18o CineCeará – (2008) – 4a noite
Ópera a uma proletária
Por Luiz Joaquim | 14.04.2008 (segunda-feira)
FORTALEZA (CE) – Noite de ontem (domingo) no 18º CineCeará. Hora dos mestres de cerimônia chamarem o diretor Carlos Reichenbach, o Carlão, que está em Fortaleza desde sexta-feira, para apresentar o longa-metragem “Falsa Loura”. Mas, para estranhamento de todos, quem sobe ao palco são Sara Silveira, produtora da obra, e seu distribuidor, Jean-Thomas Bernardini.
Após seu discurso, Jean-Thomas conclama que Carlão compareça e aí temos a mais inusitada apresentação no festival até o momento, com o cineasta saindo por trás das cortinas com uma longa peruca loura para explicar que lamentava ausência de sua protagonista, Rosanne Mulholland, no Ceará pois ela gravava para a nova novela da TV Bandeirantes. “Queria ter louras aqui no palco mas tive que me virar”, contou ele sob os assovios da pláteia.
Por aqui pelos bastidores, após a projeção, o que mais se escutava era os espectadores comentando que agora haviam se reconciliado com o Carlão, por conta da falta de um entusiásmo com seu anterior “Garotas do ABC”. “Falsa Loura”, à propósito, tem como embrião o mesmo projeto – o “ABC Clube Democrático” – que gerou o “Garotas”. Ambos foram escritos ao mesmo tempo.
O filme acompanha a proletária Silmara (a absolutamente deslumbrante Mulholland), operária de um fábrica que é apresentada entre as colegas como uma arrogante (pela beleza), e auto-suficiente (pela sua relação com os homens), mas que logo depois é desvelada por Carlão como uma figura de uma força (e fragilidade) humana tocante.
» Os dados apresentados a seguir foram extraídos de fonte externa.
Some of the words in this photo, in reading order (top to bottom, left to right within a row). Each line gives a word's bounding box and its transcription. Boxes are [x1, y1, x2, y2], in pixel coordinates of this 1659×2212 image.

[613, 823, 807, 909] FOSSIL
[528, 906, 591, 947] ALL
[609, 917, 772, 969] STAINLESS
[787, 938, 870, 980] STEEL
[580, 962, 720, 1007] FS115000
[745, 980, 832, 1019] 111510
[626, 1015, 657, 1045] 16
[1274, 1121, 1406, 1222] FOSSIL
Como disse seu diretor na coletiva ontem pela manhã, “como no `Garotas`, damos aqui identidade a essas mulheres deslumbrantes e de personalidade que são vistas apenas como peças de máquinas”.
Em “Falsa Loura”, Carlão reforça sua competência como autor de dramas urbanos, cujas figuras marginais (não ilegais, mas os esquecidos) deslizam entre a confusão da alegria e da dureza que a vida lhes oferece. Aqui, mais especificamente, temos uma mulher estonteante marcada por ser beleza, mas que com ela (sua beleza) chega onde deseja, não sem sofrer o problemas aí inerentes, é verdade.
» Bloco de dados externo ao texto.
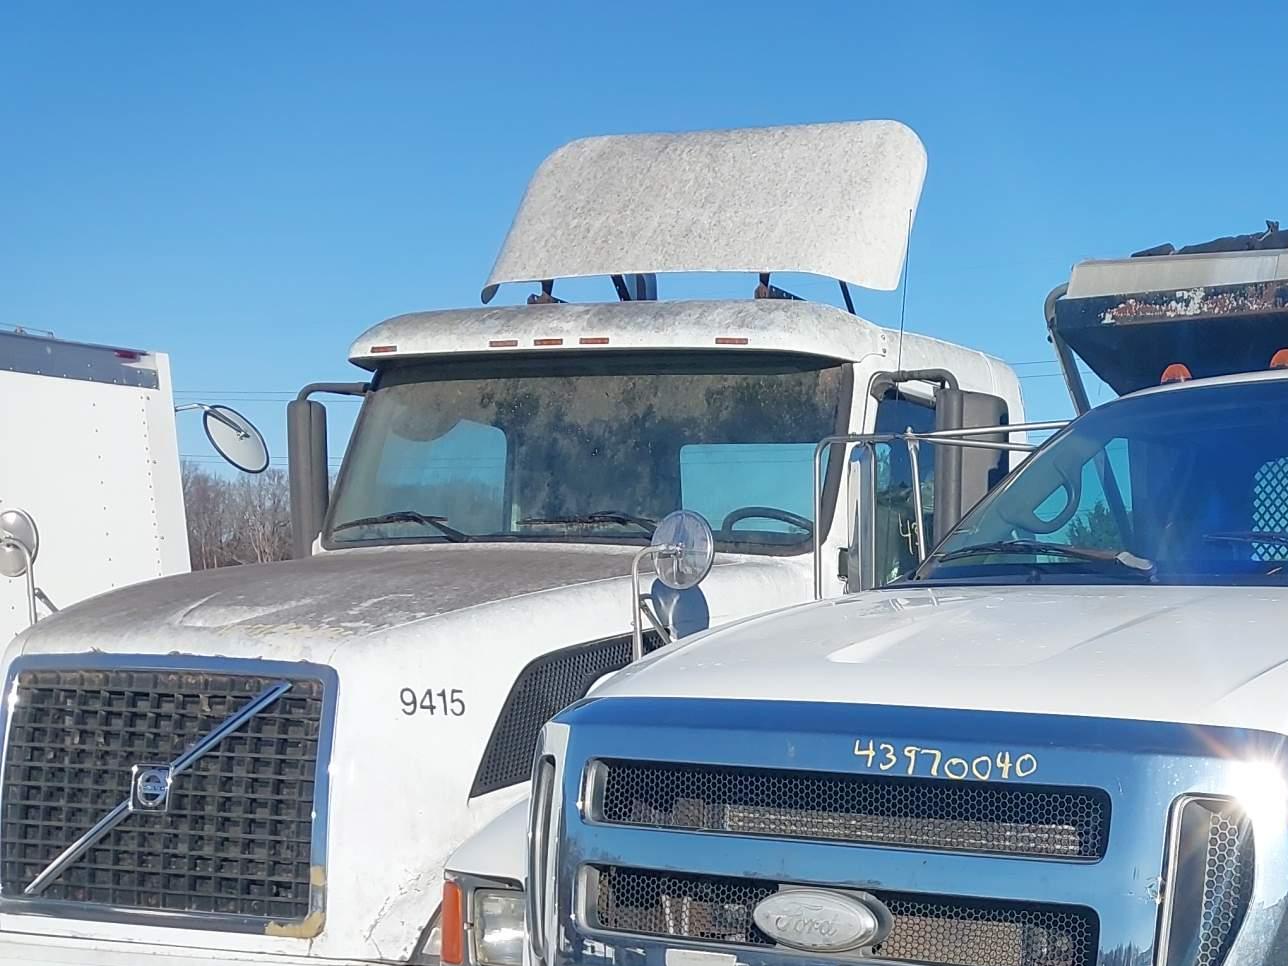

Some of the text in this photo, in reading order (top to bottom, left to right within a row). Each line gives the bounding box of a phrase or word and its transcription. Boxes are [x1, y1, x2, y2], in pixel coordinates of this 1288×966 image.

[399, 686, 465, 717] 9415
[854, 740, 1037, 781] 43970040
[768, 903, 838, 937] Ford
Muholland ilumina toma toda a tela, e não só pela exuberância física, mas por ser o eixo do drama pontuado por três homens. Seu pai (João Bourbonnais), uma figura fragmentada pelo passado; o cantor pop Bruno de André (Cauã Reymond); e o ídolo da música romântica Luís Ronaldo (Maurício Mattar, em referência a Julio Iglesias e outros do gênero).
Com o pai, Silmara assume uma postura de proteção, quase materna, enquanto que com os outros não consegue impor sua dignidade, o que apenas ressalta sua limitação social, gerando, no fim do filme um das encerramentos mais melancólicos da recente cinematografia nacional.
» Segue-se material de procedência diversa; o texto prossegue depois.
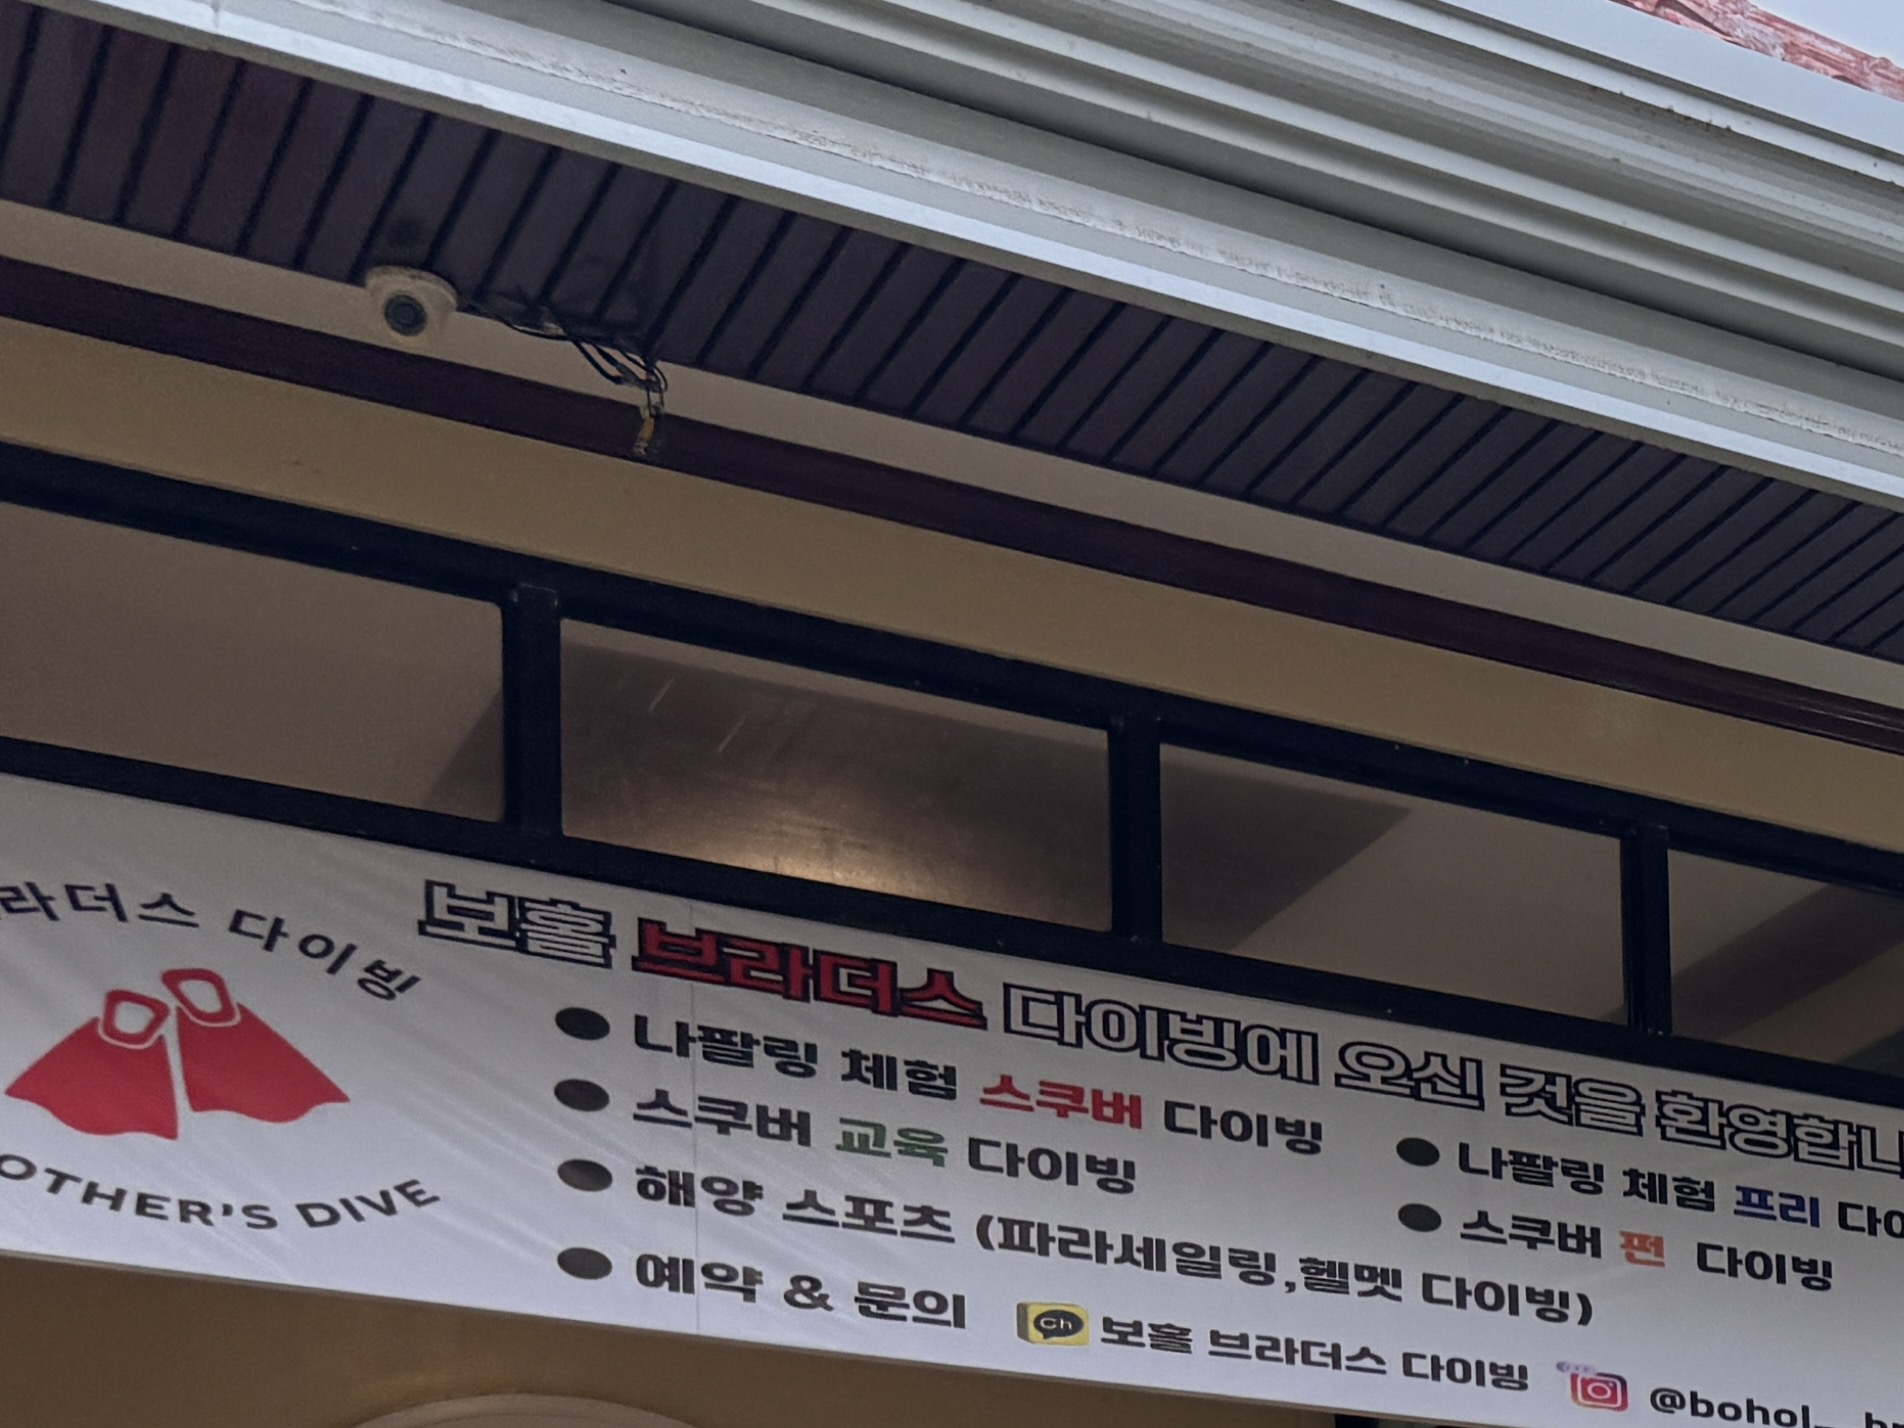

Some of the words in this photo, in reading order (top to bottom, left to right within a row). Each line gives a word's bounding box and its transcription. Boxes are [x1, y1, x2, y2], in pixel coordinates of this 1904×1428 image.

[228, 908, 422, 1001] 다이빙
[418, 879, 616, 969] 보홀
[631, 916, 988, 1031] 브라더스
[1003, 982, 1319, 1086] 다이빙에
[1335, 1040, 1485, 1111] 오신
[1500, 1062, 1644, 1137] 것을
[634, 1014, 818, 1079] 나팔링
[841, 1048, 958, 1101] 체험
[979, 1073, 1143, 1129] 스쿠버
[1163, 1099, 1323, 1156] 다이빙
[633, 1088, 812, 1148] 스쿠버
[835, 1116, 949, 1168] 교육
[967, 1136, 1136, 1194] 다이빙
[295, 1178, 441, 1229] DIVE
[635, 1165, 763, 1217] 해양
[782, 1188, 956, 1244] 스포츠
[1458, 1141, 1605, 1197] 나팔링
[1622, 1167, 1716, 1213] 체험
[1733, 1184, 1821, 1228] 프리
[635, 1253, 763, 1303] 예약
[783, 1273, 834, 1313] &
[854, 1280, 966, 1330] 문의
[1459, 1210, 1602, 1259] 스쿠버
[1620, 1230, 1666, 1269] 펀
[1696, 1241, 1833, 1292] 다이빙
[1101, 1316, 1193, 1355] 보홀
[1207, 1328, 1387, 1376] 브라더스
[1401, 1351, 1529, 1392] 다이빙
Impossível deixar se ressaltar a valor da trilha sonora aqui, com sua parte clássica a cargo do maestro Nelson Ayres, e seu flanco pop e brega capitaneado por Marcos Levy. Sem dúvida, é uma das trilhas mais complexas e heterogênea, indo do cafona até Bach com tranquilidade. Em entrevista, Carlão (que também tem formação musical) falou de algumas referência para pensar a música como elemento dramático. Uma delas é a que fez de um passeio no aras, inspirada em outra de “O Desprezo” de Jean-Luc Gordard.
Entre os curtas-metragens, destaque para o fabuloso “Um Ramo”, de Juliana Rojas e Marcos Dutra, que preparam seu primeiro longa (“Trabalhar Câncer”). O curta fala de uma mulher que começa a ter folhas brotando da pele. Interessante ainda “Corpo Presente: Beatriz”, de Marcelo Toledo e Paolo Gregori, com (também) uma operária oprimida pela sua condição e pela metrópole.